Source records:
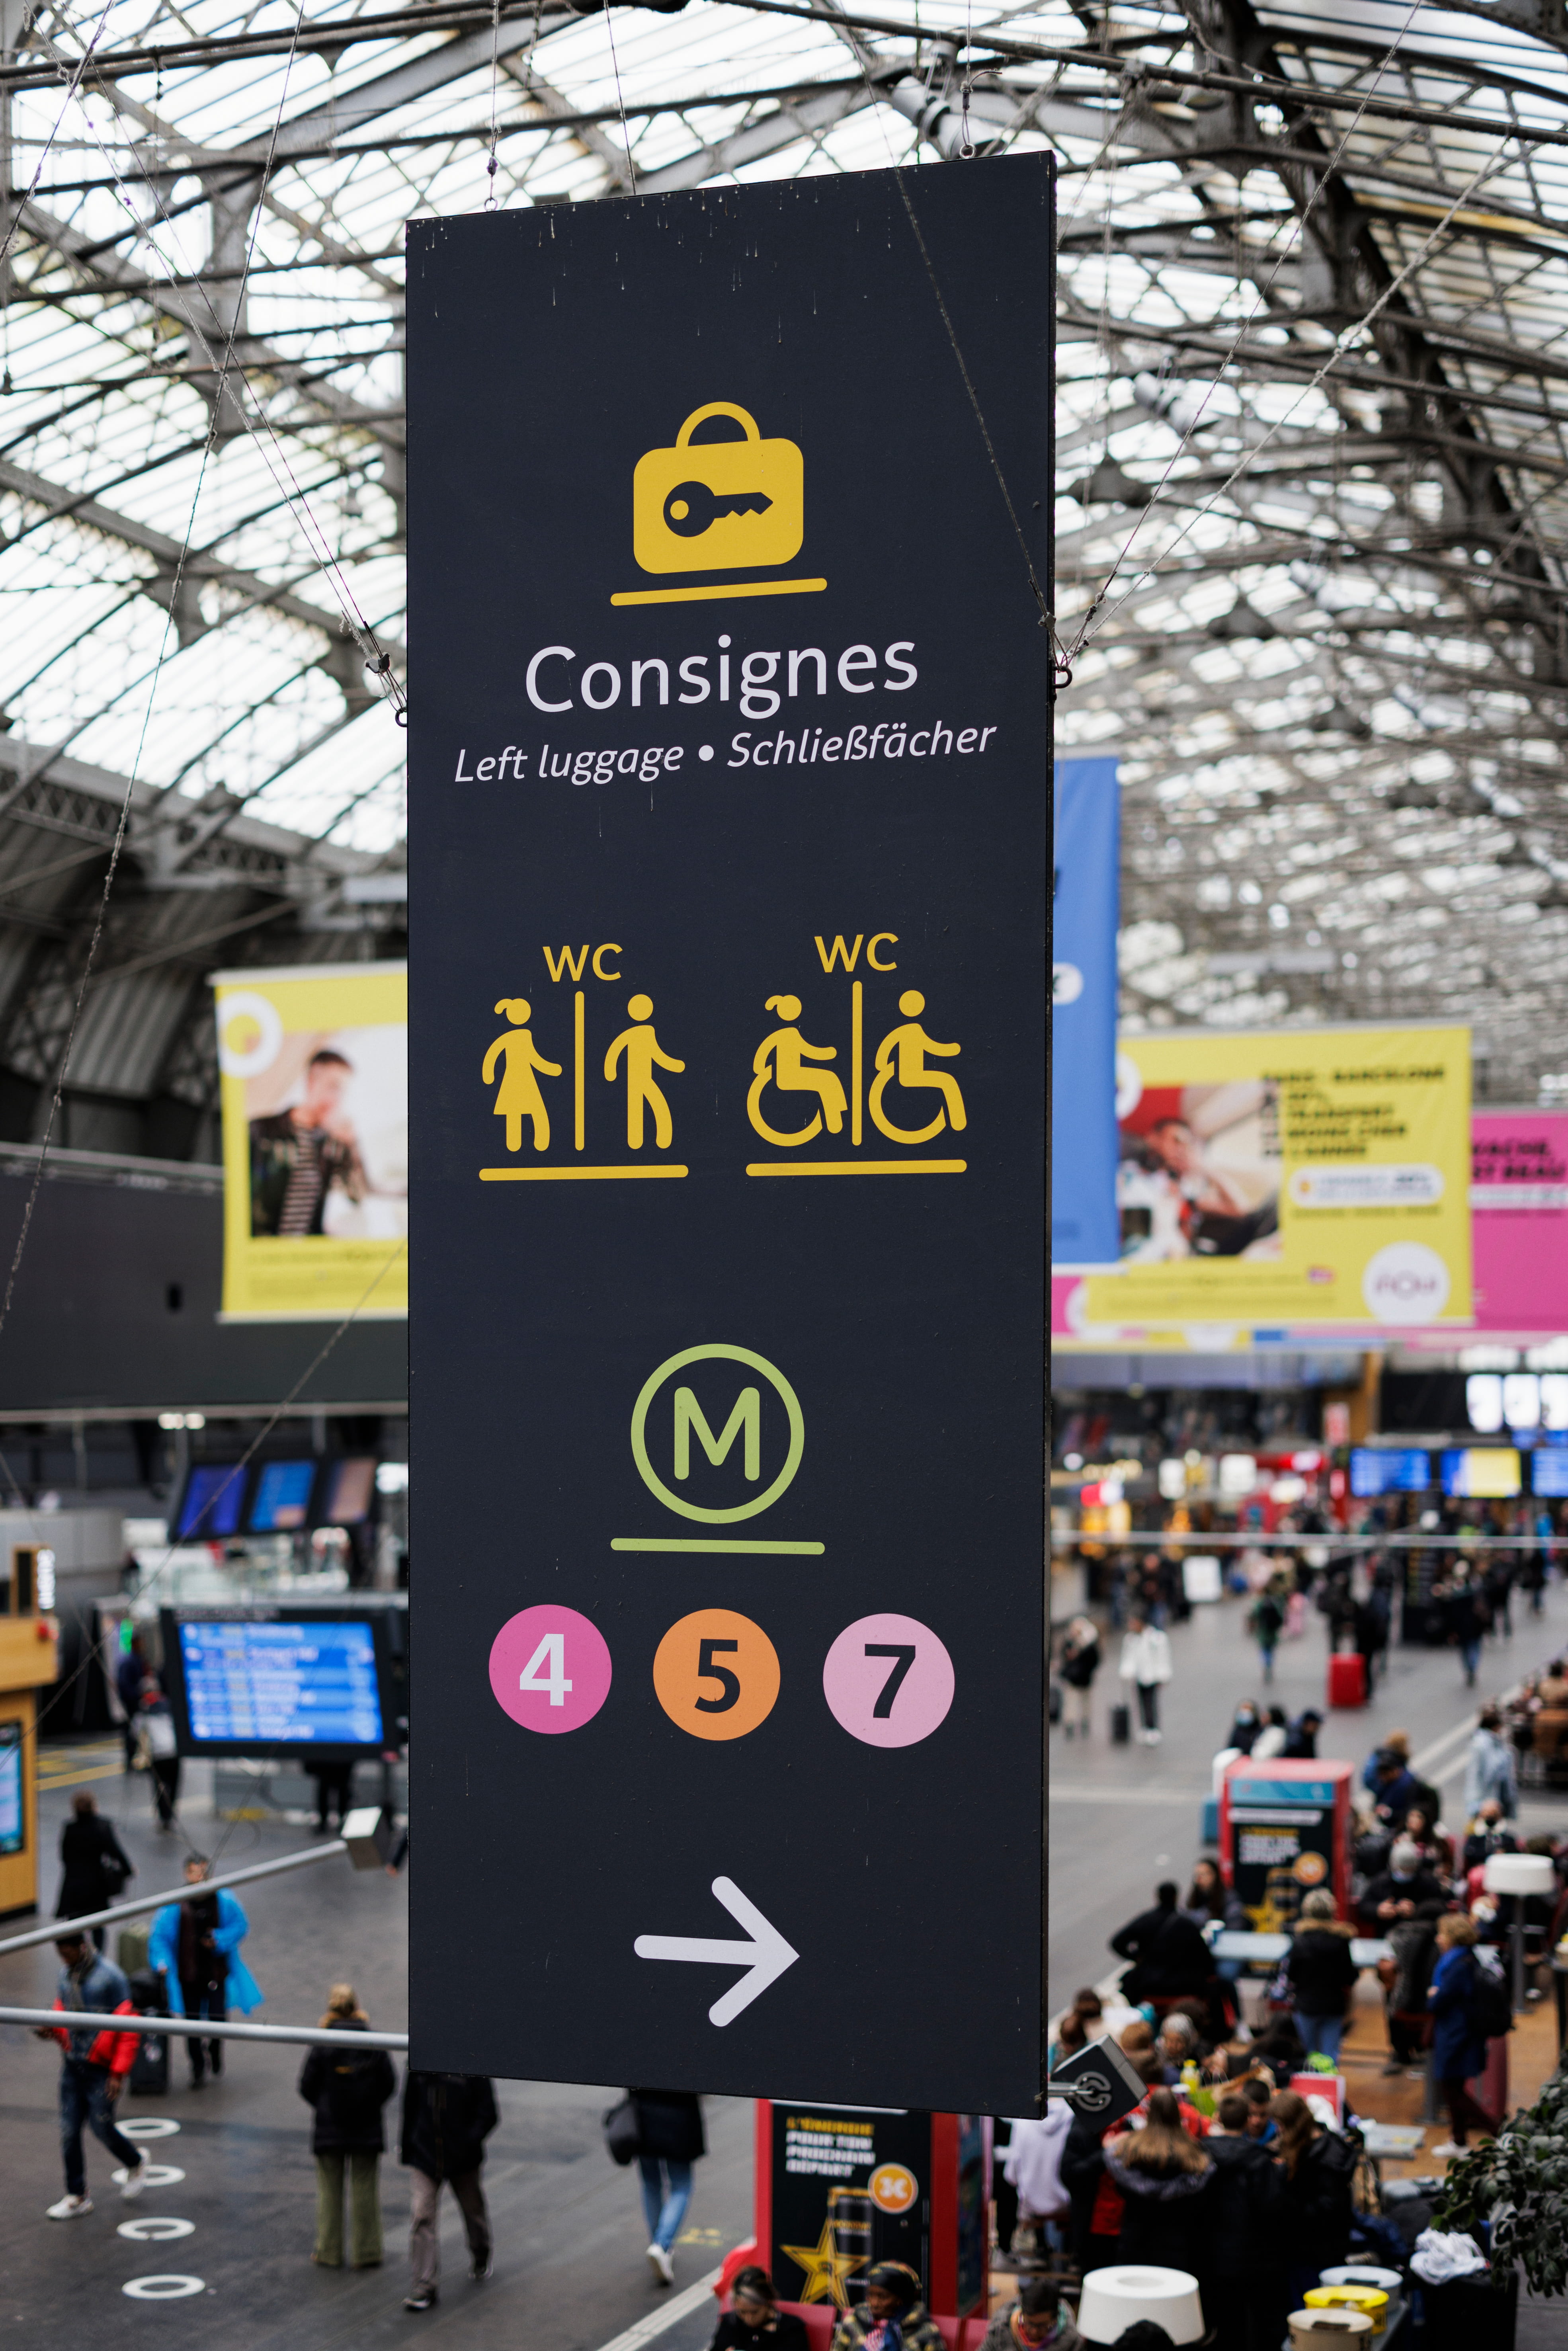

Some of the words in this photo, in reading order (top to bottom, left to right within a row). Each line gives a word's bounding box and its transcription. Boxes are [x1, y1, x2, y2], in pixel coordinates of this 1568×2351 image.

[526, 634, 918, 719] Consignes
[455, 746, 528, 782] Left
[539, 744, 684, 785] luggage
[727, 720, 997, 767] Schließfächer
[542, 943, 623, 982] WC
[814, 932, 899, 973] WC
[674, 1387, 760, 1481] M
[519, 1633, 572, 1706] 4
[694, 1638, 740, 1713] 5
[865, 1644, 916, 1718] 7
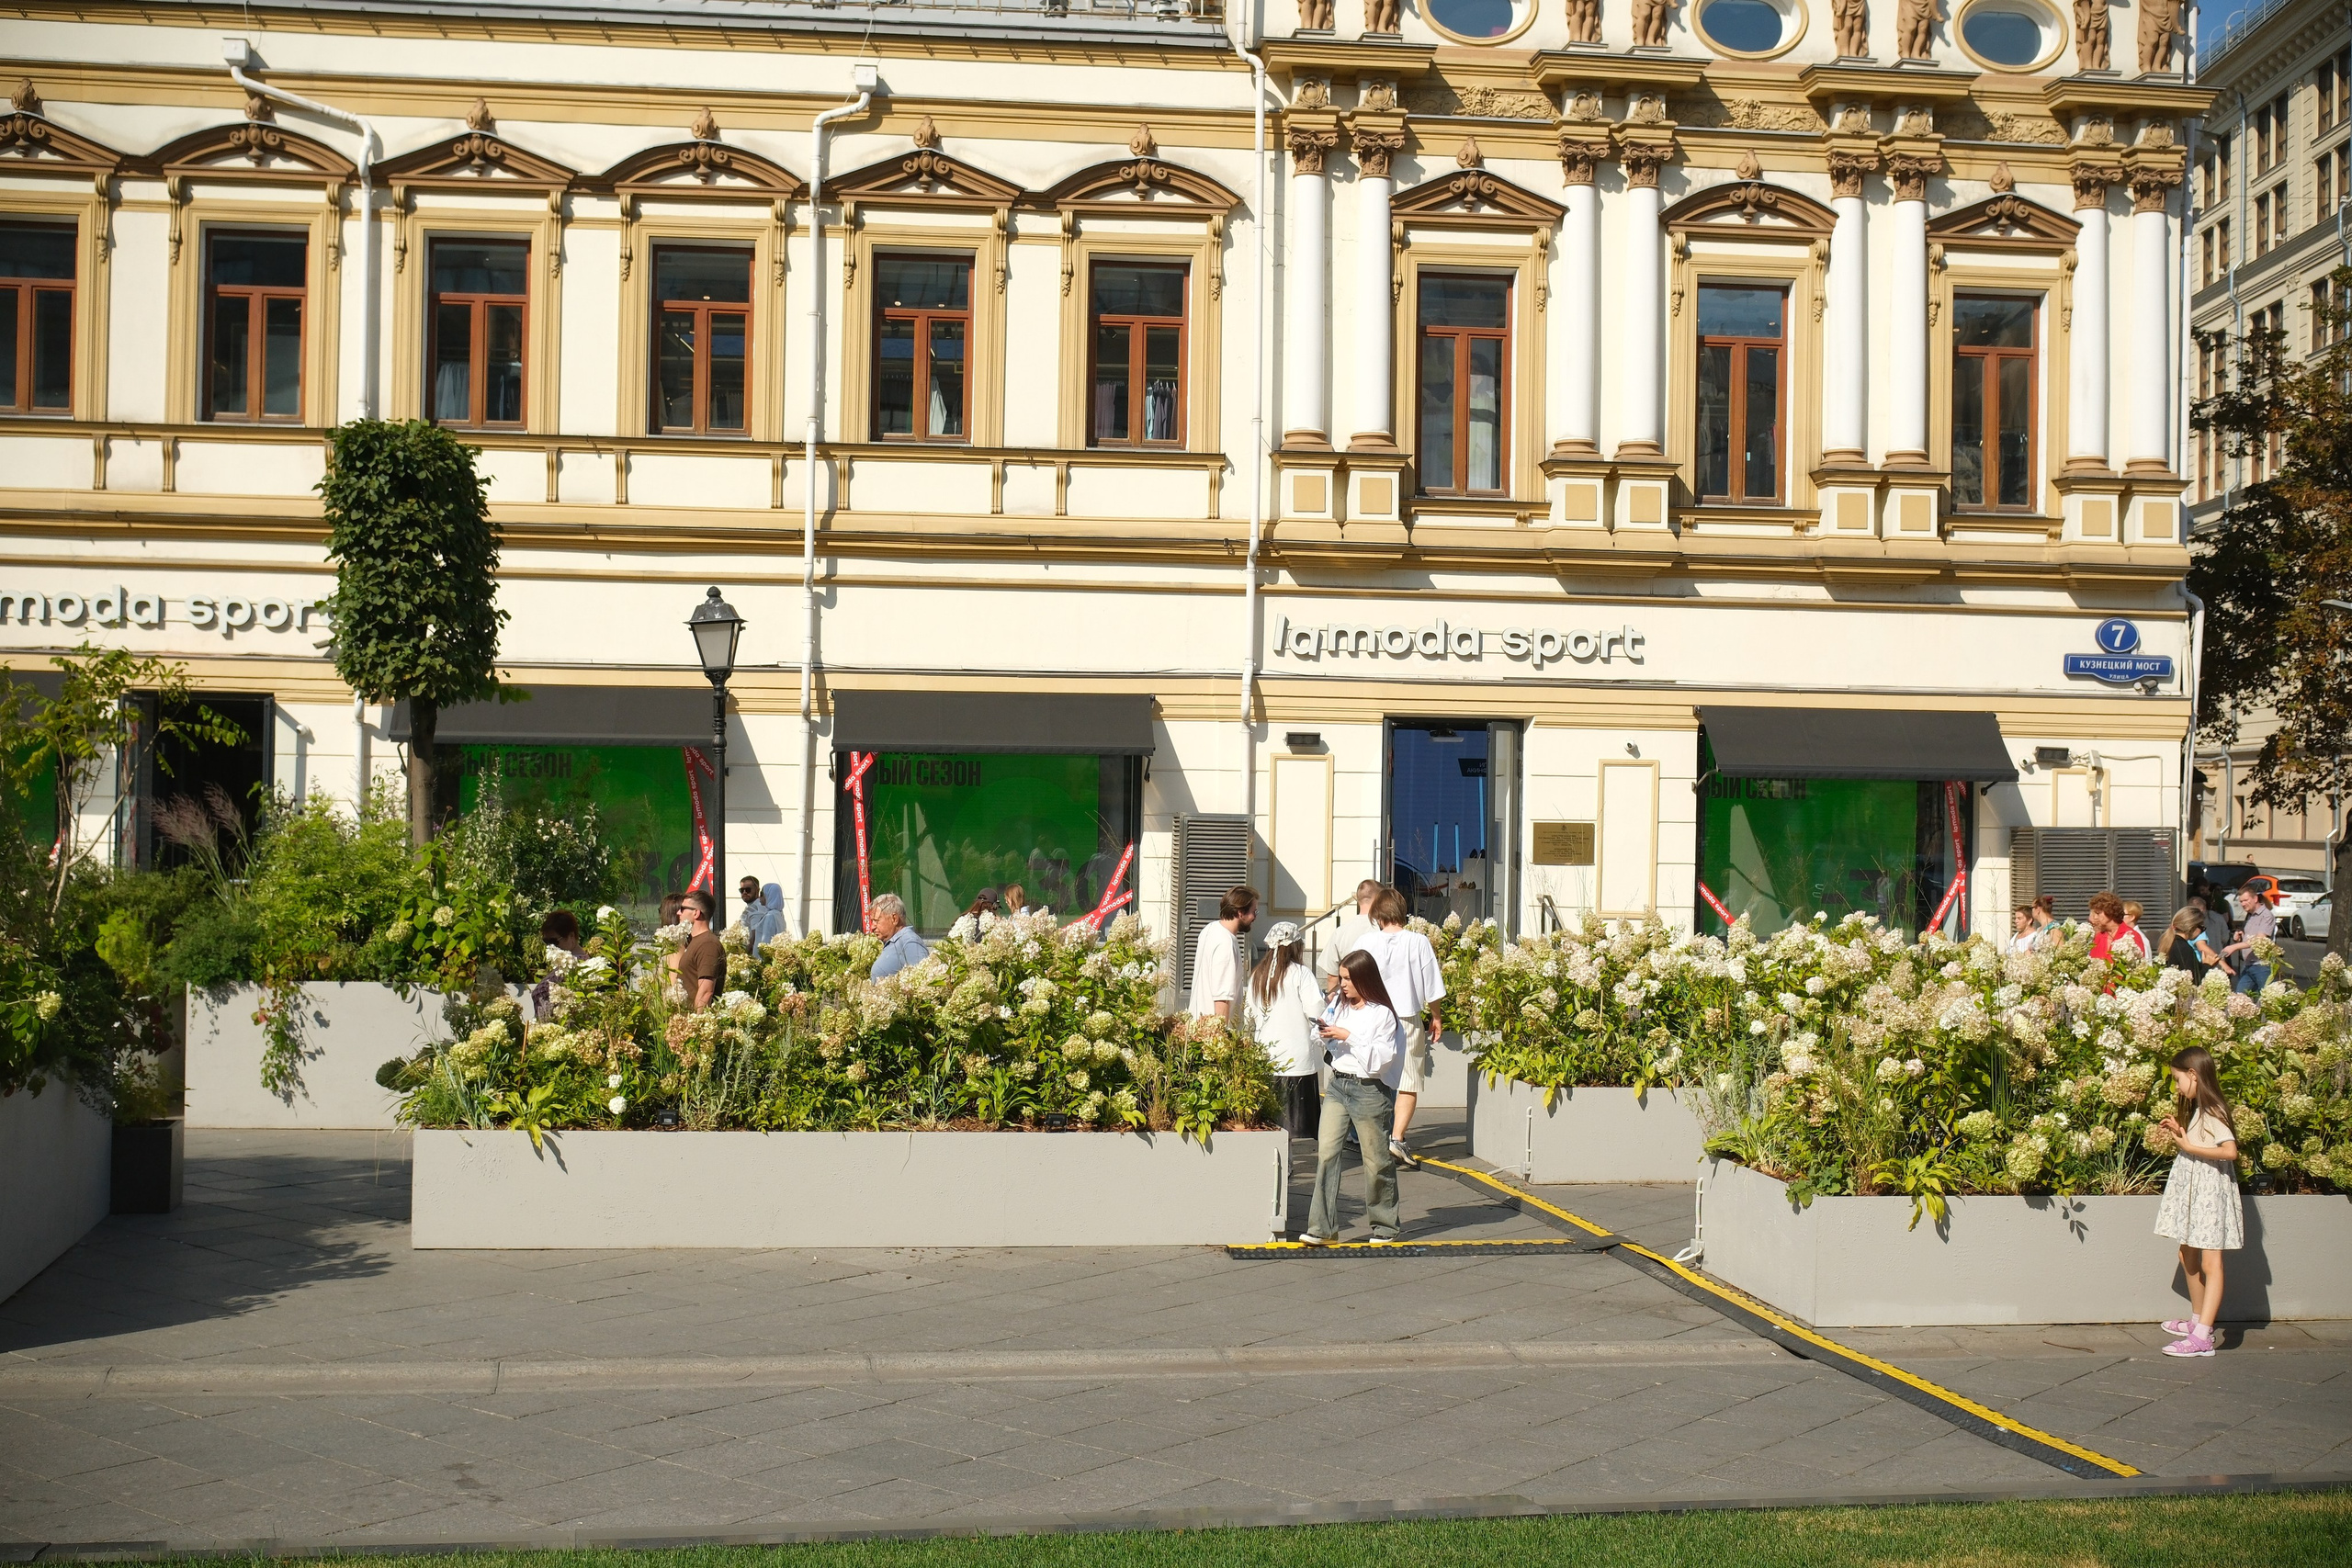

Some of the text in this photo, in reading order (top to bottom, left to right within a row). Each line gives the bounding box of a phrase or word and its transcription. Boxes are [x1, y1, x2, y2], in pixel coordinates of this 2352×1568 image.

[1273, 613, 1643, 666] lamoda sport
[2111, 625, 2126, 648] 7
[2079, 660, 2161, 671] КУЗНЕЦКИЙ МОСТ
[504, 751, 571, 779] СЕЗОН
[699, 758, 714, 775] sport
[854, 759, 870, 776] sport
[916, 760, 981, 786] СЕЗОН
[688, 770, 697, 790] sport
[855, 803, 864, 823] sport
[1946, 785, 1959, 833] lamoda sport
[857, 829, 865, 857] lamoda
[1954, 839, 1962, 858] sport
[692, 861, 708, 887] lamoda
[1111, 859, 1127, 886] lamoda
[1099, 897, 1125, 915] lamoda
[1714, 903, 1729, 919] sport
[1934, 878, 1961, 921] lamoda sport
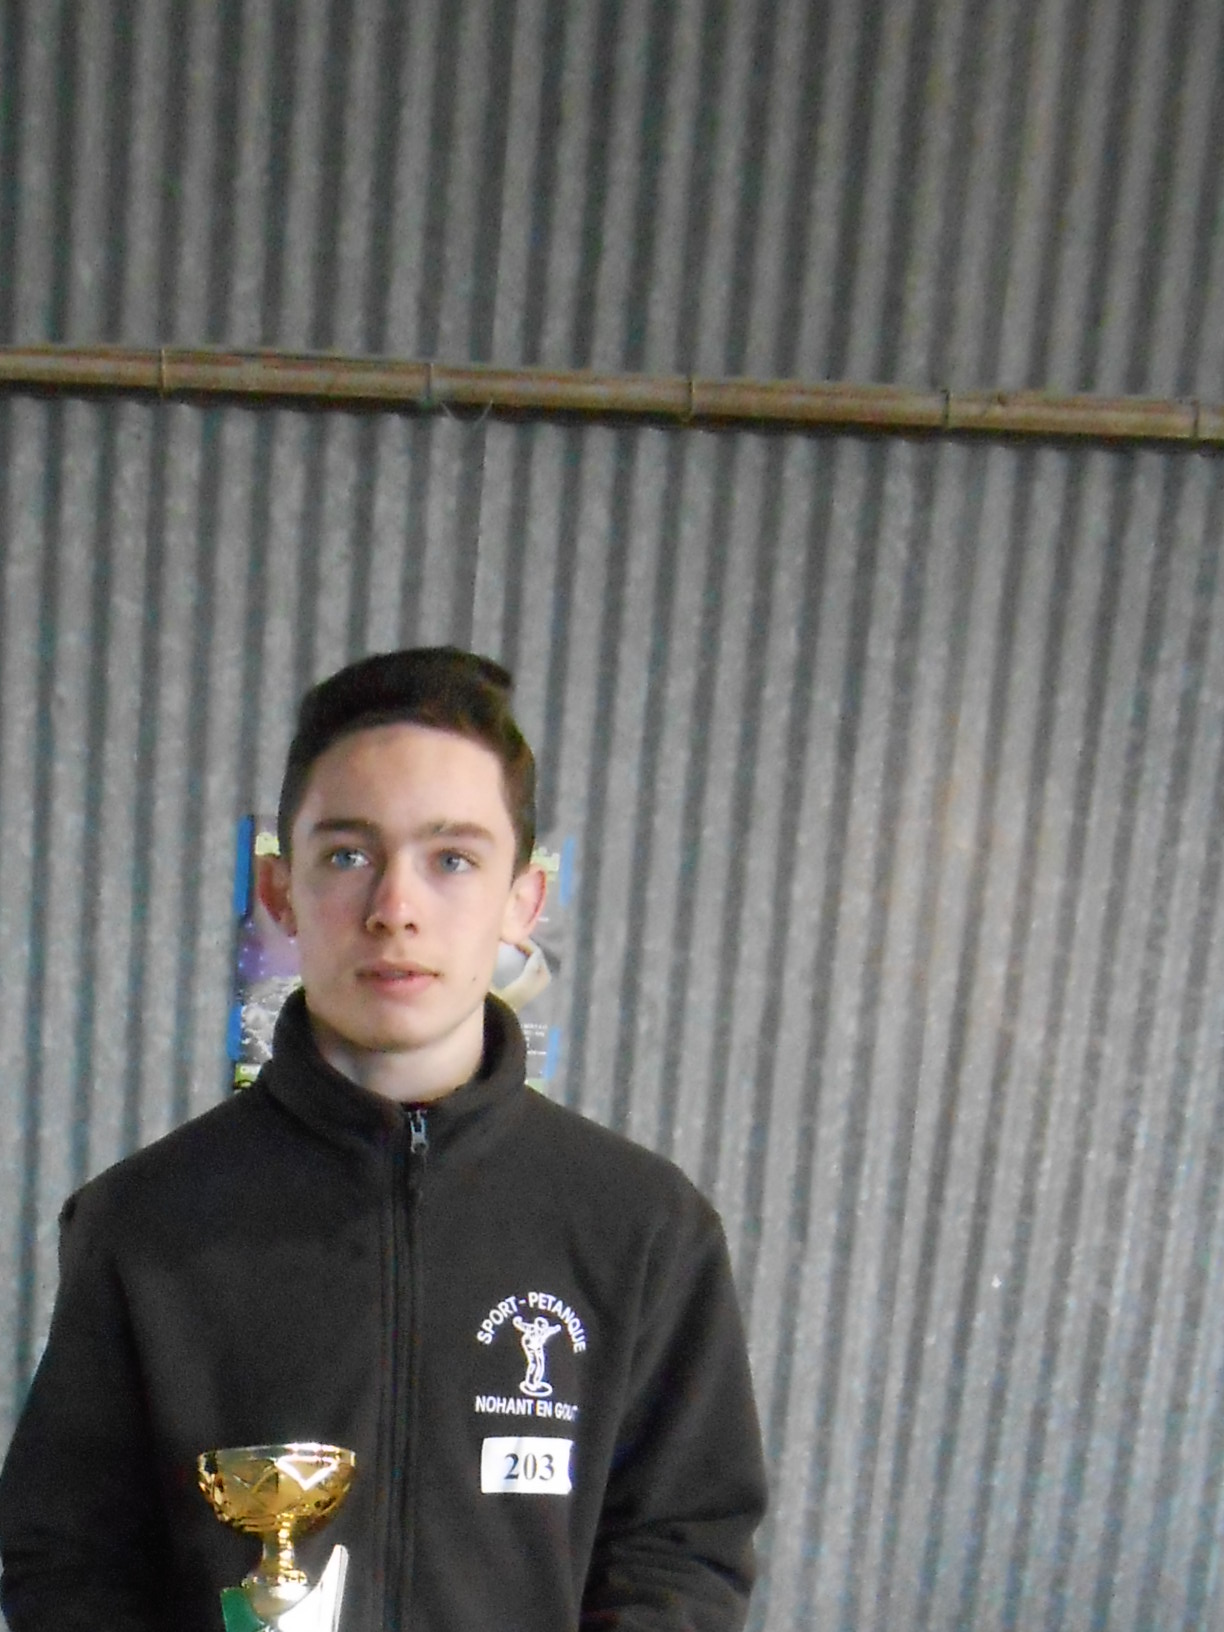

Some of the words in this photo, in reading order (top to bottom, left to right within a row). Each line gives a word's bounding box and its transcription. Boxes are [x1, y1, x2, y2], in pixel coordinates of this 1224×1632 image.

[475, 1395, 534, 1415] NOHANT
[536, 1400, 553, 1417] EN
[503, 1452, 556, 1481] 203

What needs to be done:
Lines before the one containing "this 1224×1632 image." stay out; reproduce that line and all the lines after it, through the end of the listing, exactly.

Written solution:
Some of the words in this photo, in reading order (top to bottom, left to right within a row). Each line gives a word's bounding box and its transcription. Boxes are [x1, y1, x2, y2], in pixel coordinates of this 1224×1632 image.

[475, 1395, 534, 1415] NOHANT
[536, 1400, 553, 1417] EN
[503, 1452, 556, 1481] 203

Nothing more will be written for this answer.